**What to produce**
No pictures, nothing altered: return the data below.

**Data for processing**
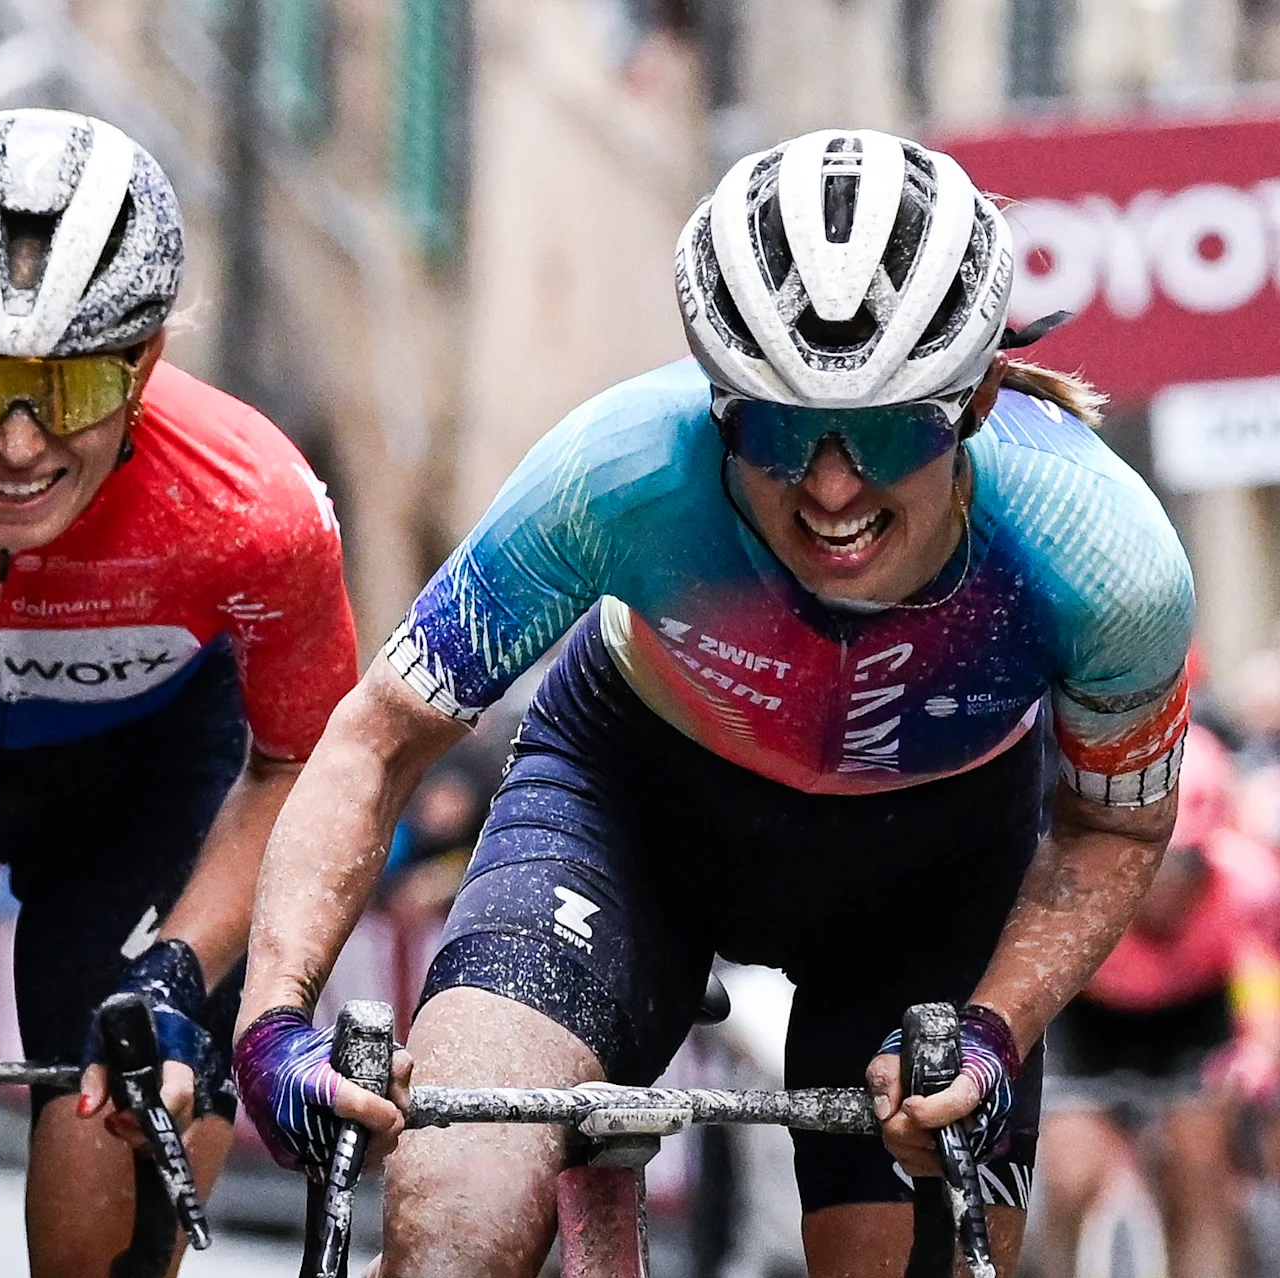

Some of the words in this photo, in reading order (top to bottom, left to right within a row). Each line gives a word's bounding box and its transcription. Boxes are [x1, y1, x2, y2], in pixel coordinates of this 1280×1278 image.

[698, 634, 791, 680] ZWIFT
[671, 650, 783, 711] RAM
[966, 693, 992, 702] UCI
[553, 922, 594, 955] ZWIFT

**Expected answer**
Some of the words in this photo, in reading order (top to bottom, left to right within a row). Each line gives a word's bounding box and its transcription. Boxes are [x1, y1, x2, y2], in pixel coordinates of this 1280×1278 image.

[698, 634, 791, 680] ZWIFT
[671, 650, 783, 711] RAM
[966, 693, 992, 702] UCI
[553, 922, 594, 955] ZWIFT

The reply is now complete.